As post-quantum cryptography becomes increasingly relevant, it is crucial to adapt our framework to these new algorithms. Future research should focus on tailoring our ensemble and resampling techniques to the unique leakage characteristics of post-quantum cryptographic schemes. This includes developing new feature extraction methods capable of handling the complex and diverse leakage profiles associated with algorithms like lattice-based or hash-based cryptography. Additionally, evaluating the performance of the proposed framework on these algorithms will be essential for understanding its generalizability and effectiveness in the post-quantum context [
48,
49].
7. Conclusions and Future Work
In this work, we proposed a hybrid bagging resampling deep learning SCA framework designed to address imbalanced class distribution in SCA datasets. Our technique integrates a two-stage hybrid approach that includes a data enhancement phase and a bagging ensemble phase. Through our experiments, we demonstrated that our framework has over 50% performance improvement over previous methods, although the optimal resampling technique varied depending on the dataset. The key insight from our study is that both sampling and bagging techniques can improve model performance on imbalanced datasets by more than three times compared to the initial performance. While the SMOTEENN ensemble achieved the best performance in the ASCAD dataset, the Basic ensemble performed the best in the CHES dataset, both contributing to over a improvement in performance. This reinforces the importance of selecting appropriate methods tailored to the specific characteristics of each dataset. Our findings suggest several avenues for future research, including exploring additional resampling techniques, applying our framework to a broader range of datasets, and integrating it with other machine learning models and cryptographic algorithms, such as those in post-quantum computing.
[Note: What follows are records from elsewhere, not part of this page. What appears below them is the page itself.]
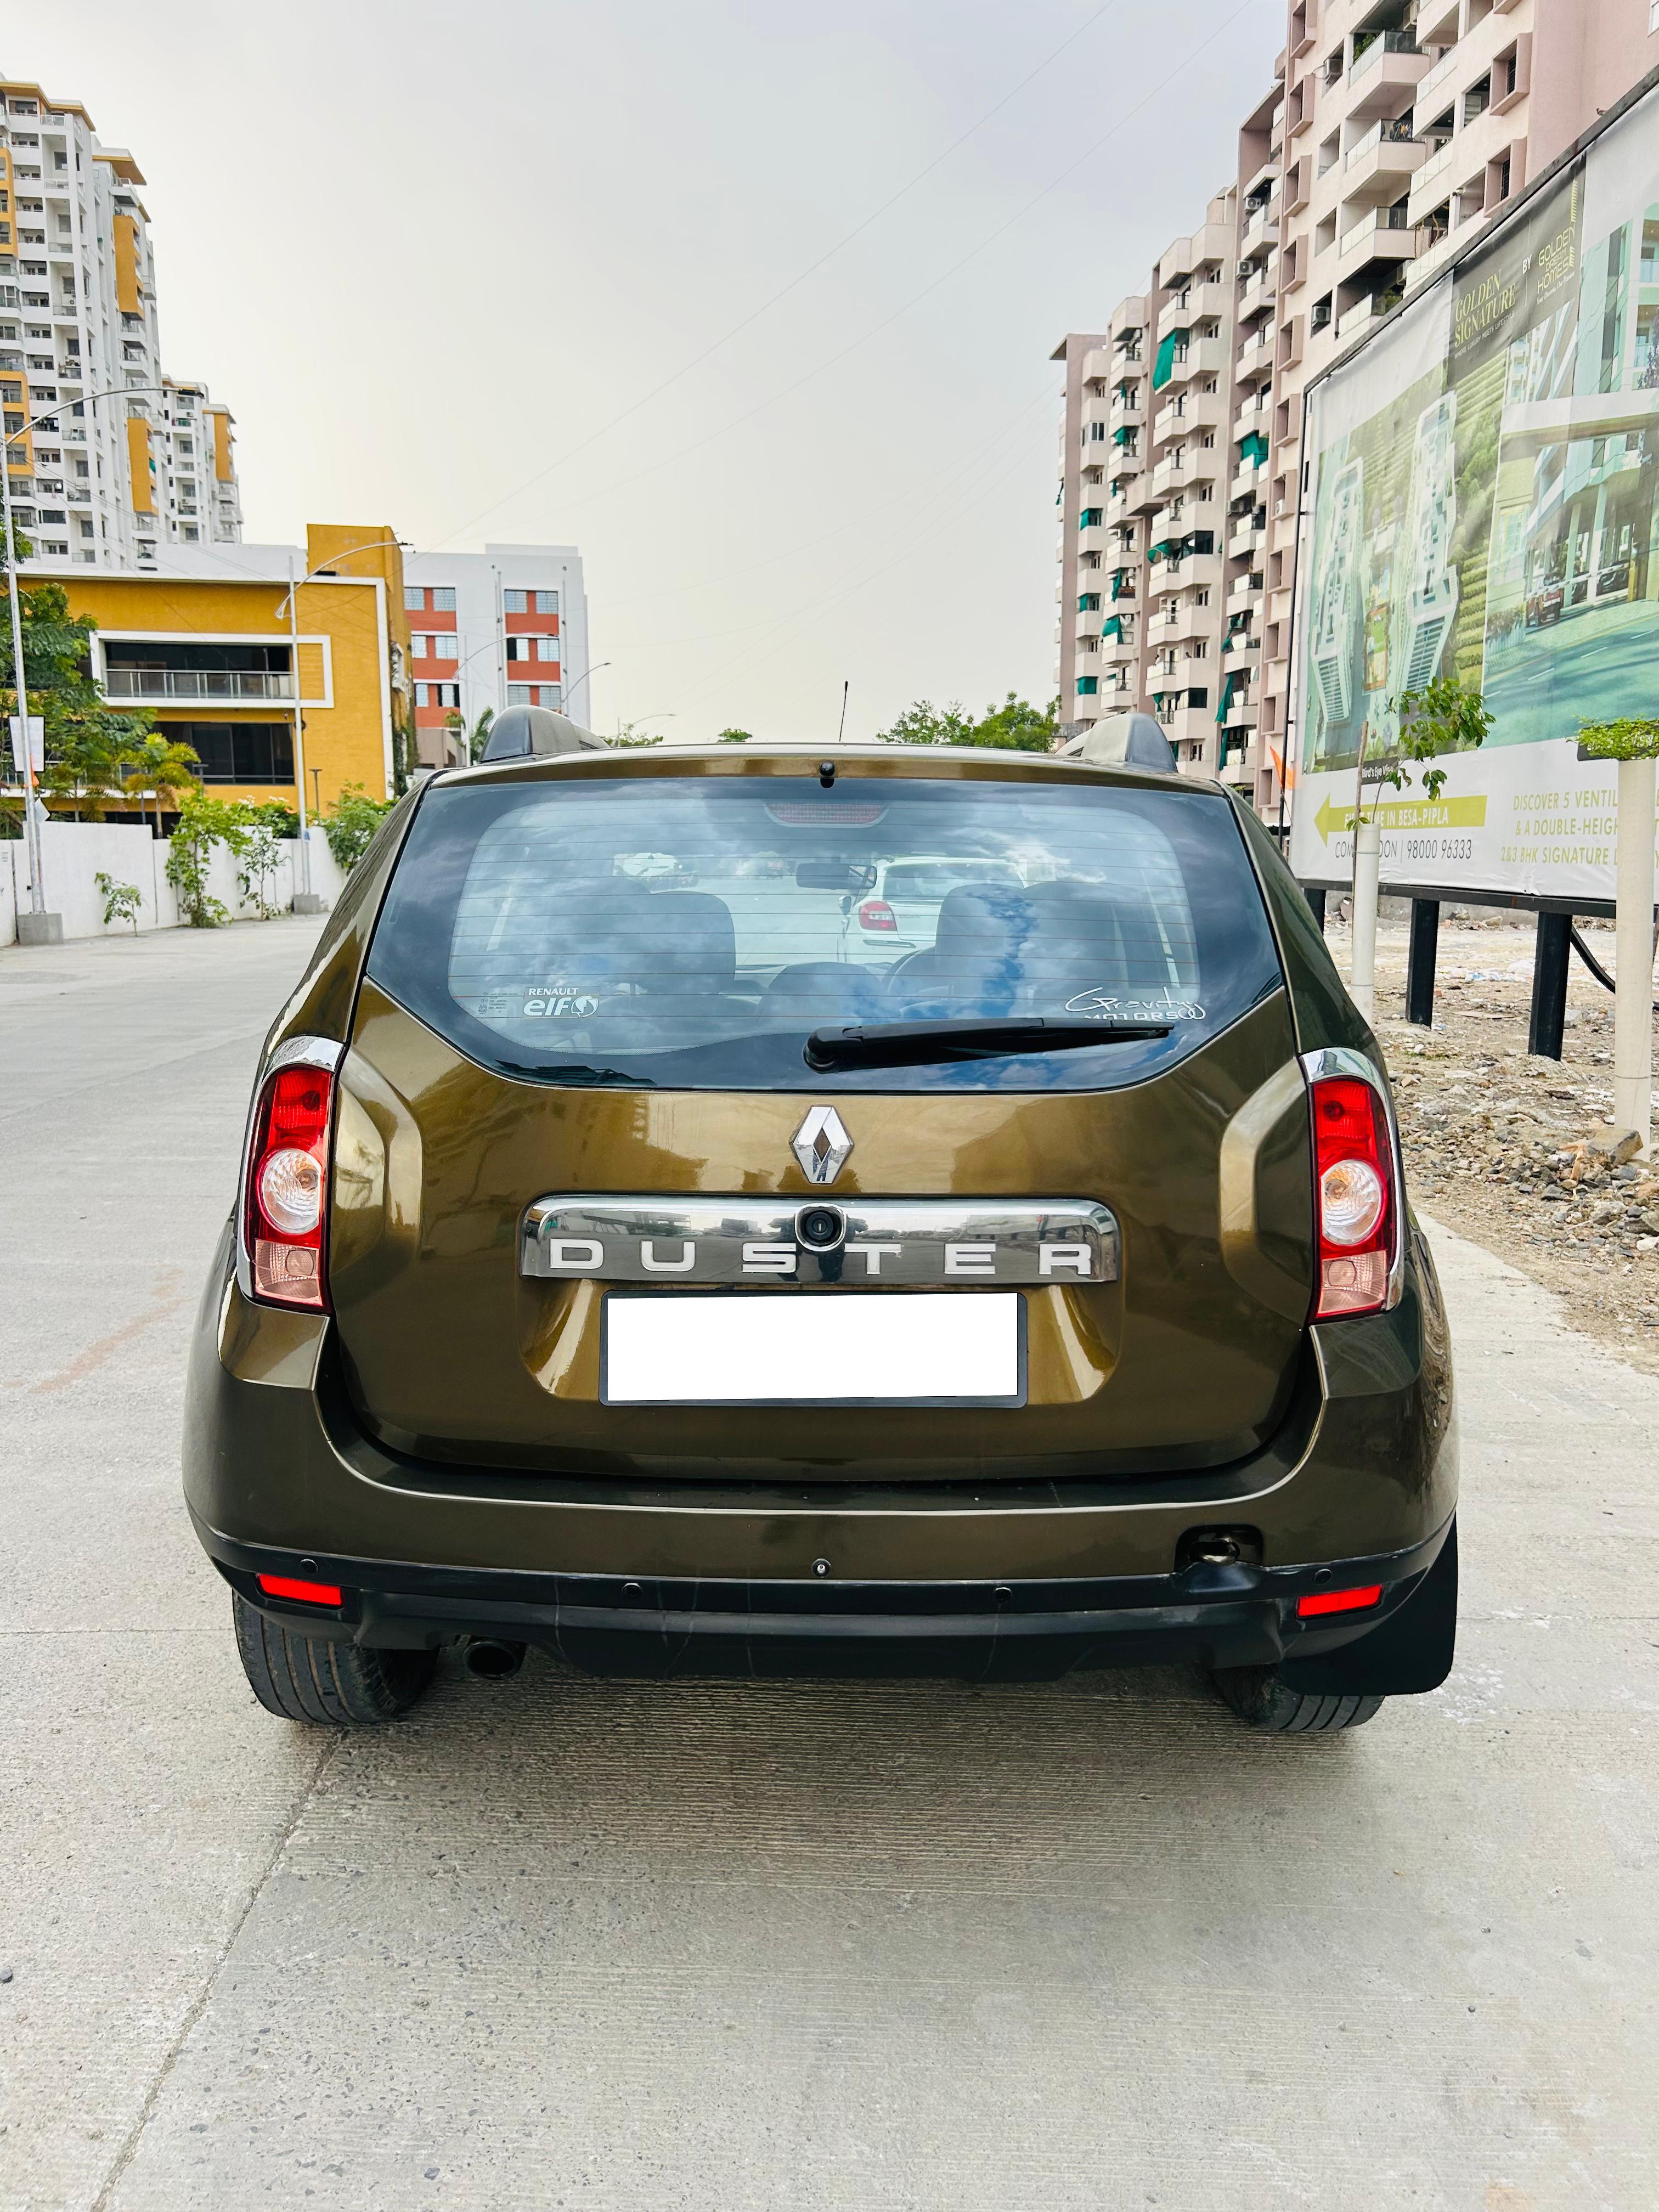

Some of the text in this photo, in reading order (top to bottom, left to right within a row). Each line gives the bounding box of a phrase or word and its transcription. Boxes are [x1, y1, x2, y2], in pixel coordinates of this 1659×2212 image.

[1538, 223, 1576, 267] GOLDEN
[1522, 254, 1532, 274] BY
[1537, 256, 1570, 295] HOMES
[1455, 268, 1502, 322] GOLDEN
[1454, 283, 1516, 348] SIGNATURE
[1481, 325, 1494, 340] MEETS
[1495, 310, 1515, 330] LIFESTYLE
[1513, 789, 1618, 811] DISCOVER 5 VENTIL
[1386, 809, 1396, 827] IN
[1398, 807, 1449, 827] BESA-PIPLA
[1515, 820, 1521, 836] &
[1524, 820, 1531, 836] A
[1407, 839, 1437, 860] 98000
[1441, 839, 1472, 860] 96333
[1501, 846, 1517, 863] 2&3
[1520, 847, 1538, 864] BHK
[1542, 847, 1609, 865] SIGNATURE
[528, 988, 579, 996] RENAULT
[523, 997, 572, 1016] elf
[549, 1238, 1093, 1276] DUSTER
Advanced neural network architectures like transformers, known for handling sequential data and capturing long-range dependencies, could further enhance SCA performance. While our framework shows significant potential, there are areas for improvement. Future work should address the computational overhead of complex resampling methods and the impact of extreme imbalance levels. Tackling these issues could enhance the framework’s effectiveness and efficiency, paving the way for more robust solutions. Ultimately, our bagging resampling framework offers a robust, efficient, and less complex solution for optimizing methodologies on imbalanced datasets, laying the groundwork for further advancements in the field.